Ce que le parlementarisme de la IIIème République peut nous enseigner

Ce que le parlementarisme de la IIIème République peut nous enseigner

En publiant l’ouvrage « Le Foyer des Aïeux, figures oubliées de la IIIème République », nous souhaitons éclairer l’action politique au présent à la lumière de personnages passés. Il en va ainsi du parlementarisme, délaissé depuis l’avènement de la Vème République, qui constitue pourtant le fondement de notre tradition républicaine.

La Vème République nous a déshabitués à faire du Parlement l’organe principal de notre démocratie. Le présidentialisme propre à notre système constitutionnel, initialement fondé sur la légitimité charismatique du général de Gaulle, ne s’est pas essoufflé à la mort de ce dernier.

En ce sens, les élections législatives de l’été 2024 ont constitué un bouleversement politique et culturel dans une France qui avait pris pour habitude de tenir en hostilité toute forme d’instabilité, marquée par le souvenir malheureux de la IVème République et des « coups d’épingle permanents » du Parlement (c’est à cette idée, en somme, que Michel Debré, présentant son projet de Constitution devant le Conseil d’Etat, réduisait la fonction du pouvoir législatif).

Pourtant, la situation post-2024 nous offre l’occasion de croire à nouveau dans la force gouvernante du Parlement.

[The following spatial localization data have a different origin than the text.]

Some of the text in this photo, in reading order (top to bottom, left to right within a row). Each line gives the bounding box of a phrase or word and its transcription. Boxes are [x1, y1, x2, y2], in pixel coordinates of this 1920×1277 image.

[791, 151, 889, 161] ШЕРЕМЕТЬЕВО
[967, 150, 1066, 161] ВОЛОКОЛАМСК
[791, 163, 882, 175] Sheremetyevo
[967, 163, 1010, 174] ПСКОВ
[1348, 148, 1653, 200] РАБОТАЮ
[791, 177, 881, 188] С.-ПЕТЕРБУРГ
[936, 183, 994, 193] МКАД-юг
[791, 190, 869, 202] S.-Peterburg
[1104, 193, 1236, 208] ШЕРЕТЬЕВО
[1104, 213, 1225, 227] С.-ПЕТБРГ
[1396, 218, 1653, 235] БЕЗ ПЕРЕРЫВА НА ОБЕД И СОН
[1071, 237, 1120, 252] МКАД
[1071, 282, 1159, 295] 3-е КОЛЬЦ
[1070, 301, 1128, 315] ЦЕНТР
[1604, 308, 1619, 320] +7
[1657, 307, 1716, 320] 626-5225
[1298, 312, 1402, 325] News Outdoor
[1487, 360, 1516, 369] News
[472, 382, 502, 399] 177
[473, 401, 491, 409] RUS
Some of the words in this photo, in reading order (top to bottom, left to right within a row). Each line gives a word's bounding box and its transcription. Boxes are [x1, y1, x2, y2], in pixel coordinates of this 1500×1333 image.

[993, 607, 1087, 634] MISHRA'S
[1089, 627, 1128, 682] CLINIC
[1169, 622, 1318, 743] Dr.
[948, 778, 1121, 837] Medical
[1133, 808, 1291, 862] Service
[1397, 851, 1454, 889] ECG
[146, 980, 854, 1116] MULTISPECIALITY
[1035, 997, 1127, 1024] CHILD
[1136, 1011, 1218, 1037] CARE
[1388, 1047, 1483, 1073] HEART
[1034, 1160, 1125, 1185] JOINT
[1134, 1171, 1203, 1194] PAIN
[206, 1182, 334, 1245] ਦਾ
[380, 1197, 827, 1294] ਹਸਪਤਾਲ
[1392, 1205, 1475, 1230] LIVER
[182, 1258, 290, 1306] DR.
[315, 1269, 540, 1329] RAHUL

Elle nous donne l’opportunité, également, de rappeler à quel point ce dernier joua un rôle déterminant dans l’affermissement de la République en France. Sous la IIIème République, il était le cœur battant de la Nation, d’où se faisaient et se défaisaient les collations, les alliances et les oppositions. Organe vital de notre démocratie, le Parlement fut à l’origine de progrès sociaux majeurs et parvint, de multiples fois, à endiguer les dangers qui menaçaient le régime républicain.

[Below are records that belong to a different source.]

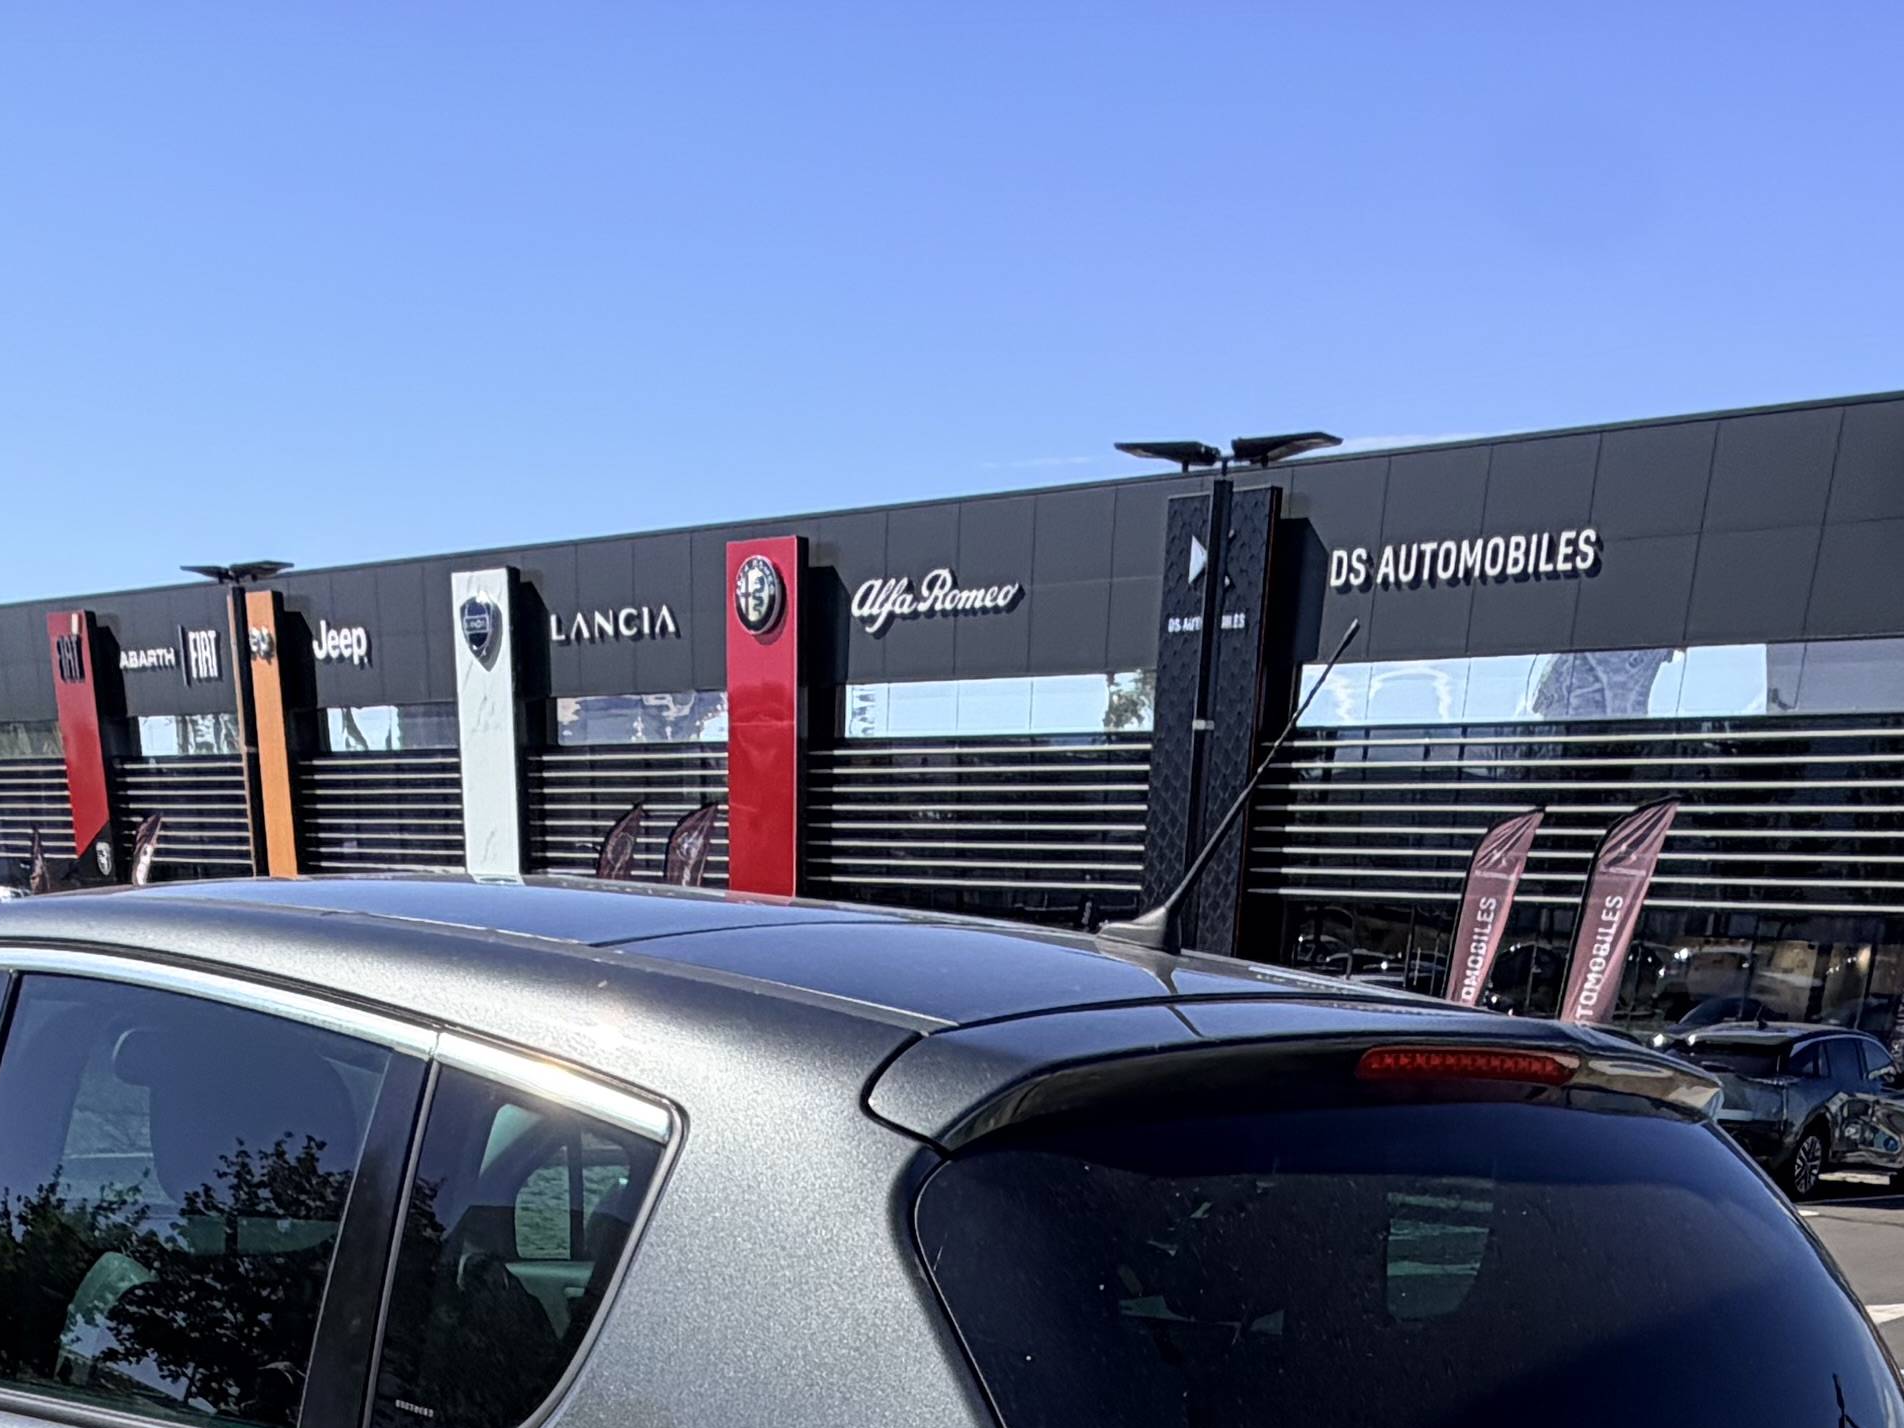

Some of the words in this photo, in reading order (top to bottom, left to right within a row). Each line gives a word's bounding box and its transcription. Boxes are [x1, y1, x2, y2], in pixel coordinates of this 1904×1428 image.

[1329, 548, 1368, 588] DS
[1375, 528, 1596, 585] AUTOMOBILES
[550, 604, 676, 641] LANCIA
[851, 576, 917, 634] Alfa
[917, 568, 1019, 612] Romeo
[118, 647, 175, 670] ABARTH
[188, 630, 218, 679] FIAT
[312, 619, 369, 665] Jeep
[1460, 896, 1498, 1002] OMOBILES

Après la crise de 1877, qui mit fin à toute velléité présidentielle de dissoudre l’Assemblée, les gouvernements ne tenaient que par la confiance des deux Chambres. Le président du Conseil n’existait qu’à travers sa majorité ; il pouvait tomber sur un amendement mal négocié ou un discours bien ajusté. La vie politique se jouait dans l’hémicycle, pas dans les couloirs feutrés de l’Élysée, où désormais la coulisse pèse davantage que l’estrade. Les décisions étaient le fruit de discussions, de compromis parfois, mais elles reposaient sur l’interaction de représentants de la Nation aux poids politiques immenses, soit qu’ils étaient chefs de partis, rédacteurs en chef de grands journaux, avocats ou syndicalistes. Par comparaison, le centre de gravité des institutions, sous la Vème République, a fait basculé le poids politique en dehors de l’enceinte parlementaire.

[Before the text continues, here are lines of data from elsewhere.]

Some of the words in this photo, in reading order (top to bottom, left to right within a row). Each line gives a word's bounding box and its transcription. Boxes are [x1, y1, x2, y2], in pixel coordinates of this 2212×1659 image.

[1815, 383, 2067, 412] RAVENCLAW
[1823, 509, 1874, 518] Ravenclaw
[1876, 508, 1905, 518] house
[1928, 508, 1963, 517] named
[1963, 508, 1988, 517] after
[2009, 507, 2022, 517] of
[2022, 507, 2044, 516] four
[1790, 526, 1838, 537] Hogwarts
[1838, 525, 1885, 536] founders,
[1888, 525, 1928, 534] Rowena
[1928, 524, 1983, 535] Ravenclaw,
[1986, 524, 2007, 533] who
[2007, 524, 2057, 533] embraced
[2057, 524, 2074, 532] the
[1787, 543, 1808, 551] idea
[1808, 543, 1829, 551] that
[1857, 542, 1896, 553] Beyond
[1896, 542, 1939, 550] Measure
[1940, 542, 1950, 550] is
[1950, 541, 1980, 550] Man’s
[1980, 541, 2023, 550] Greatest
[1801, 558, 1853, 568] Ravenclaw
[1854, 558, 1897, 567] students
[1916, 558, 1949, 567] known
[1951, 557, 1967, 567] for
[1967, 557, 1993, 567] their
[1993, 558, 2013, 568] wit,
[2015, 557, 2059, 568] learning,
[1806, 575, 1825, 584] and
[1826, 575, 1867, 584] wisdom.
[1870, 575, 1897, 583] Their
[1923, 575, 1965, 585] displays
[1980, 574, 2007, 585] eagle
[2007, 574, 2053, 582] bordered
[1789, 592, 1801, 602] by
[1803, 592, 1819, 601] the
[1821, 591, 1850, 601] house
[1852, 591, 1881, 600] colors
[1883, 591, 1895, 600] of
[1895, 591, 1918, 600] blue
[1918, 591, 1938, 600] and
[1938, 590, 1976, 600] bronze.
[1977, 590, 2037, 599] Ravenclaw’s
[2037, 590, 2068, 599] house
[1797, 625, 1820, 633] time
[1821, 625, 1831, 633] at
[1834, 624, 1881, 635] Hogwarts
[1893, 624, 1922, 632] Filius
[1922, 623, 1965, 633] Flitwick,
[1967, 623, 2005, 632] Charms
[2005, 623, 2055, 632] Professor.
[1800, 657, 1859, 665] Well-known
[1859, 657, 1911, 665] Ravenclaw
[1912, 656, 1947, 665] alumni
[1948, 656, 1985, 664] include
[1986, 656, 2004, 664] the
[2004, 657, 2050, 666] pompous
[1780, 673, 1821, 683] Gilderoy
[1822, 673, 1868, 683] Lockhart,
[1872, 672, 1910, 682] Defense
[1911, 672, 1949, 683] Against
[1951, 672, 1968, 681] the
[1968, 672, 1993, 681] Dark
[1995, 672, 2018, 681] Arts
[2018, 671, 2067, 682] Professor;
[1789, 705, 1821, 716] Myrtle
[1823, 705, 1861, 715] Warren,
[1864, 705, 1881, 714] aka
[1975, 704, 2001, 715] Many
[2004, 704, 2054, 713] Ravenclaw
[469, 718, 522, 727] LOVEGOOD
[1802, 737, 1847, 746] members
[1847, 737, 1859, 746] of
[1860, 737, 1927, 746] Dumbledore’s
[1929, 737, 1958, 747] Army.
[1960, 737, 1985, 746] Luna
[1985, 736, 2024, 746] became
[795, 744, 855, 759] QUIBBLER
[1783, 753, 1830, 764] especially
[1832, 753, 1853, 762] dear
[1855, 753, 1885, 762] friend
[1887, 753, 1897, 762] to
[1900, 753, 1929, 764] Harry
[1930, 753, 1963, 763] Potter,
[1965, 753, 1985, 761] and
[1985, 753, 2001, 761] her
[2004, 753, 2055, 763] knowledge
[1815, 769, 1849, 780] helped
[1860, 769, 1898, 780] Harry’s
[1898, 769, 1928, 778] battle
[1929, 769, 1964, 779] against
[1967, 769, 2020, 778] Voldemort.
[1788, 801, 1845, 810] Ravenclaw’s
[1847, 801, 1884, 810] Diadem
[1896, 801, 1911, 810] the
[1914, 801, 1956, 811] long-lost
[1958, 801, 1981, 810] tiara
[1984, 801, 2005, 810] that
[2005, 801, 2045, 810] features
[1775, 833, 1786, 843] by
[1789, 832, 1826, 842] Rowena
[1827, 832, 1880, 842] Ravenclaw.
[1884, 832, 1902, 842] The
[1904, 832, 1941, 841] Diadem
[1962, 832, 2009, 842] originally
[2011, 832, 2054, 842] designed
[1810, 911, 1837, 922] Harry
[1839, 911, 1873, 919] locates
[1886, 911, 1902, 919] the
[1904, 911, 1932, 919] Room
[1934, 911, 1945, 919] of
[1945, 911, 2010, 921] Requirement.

Sans l’idéaliser, ce régime avait ses grandeurs. Les figures politiques y gagnaient leur autorité au contact direct des débats, sans majorité assurée : Gambetta façonnant un opportunisme républicain capable de concilier idéaux et réalisme ; Léon Bourgeois plaçant le solidarisme au cœur de la philosophie sociale ; Émile Combes, par la loi, affranchissant l’école de la tutelle cléricale… La plupart des grandes réformes qui, aujourd’hui, irriguent notre contrat social, furent arrachées dans ce creuset parlementaire.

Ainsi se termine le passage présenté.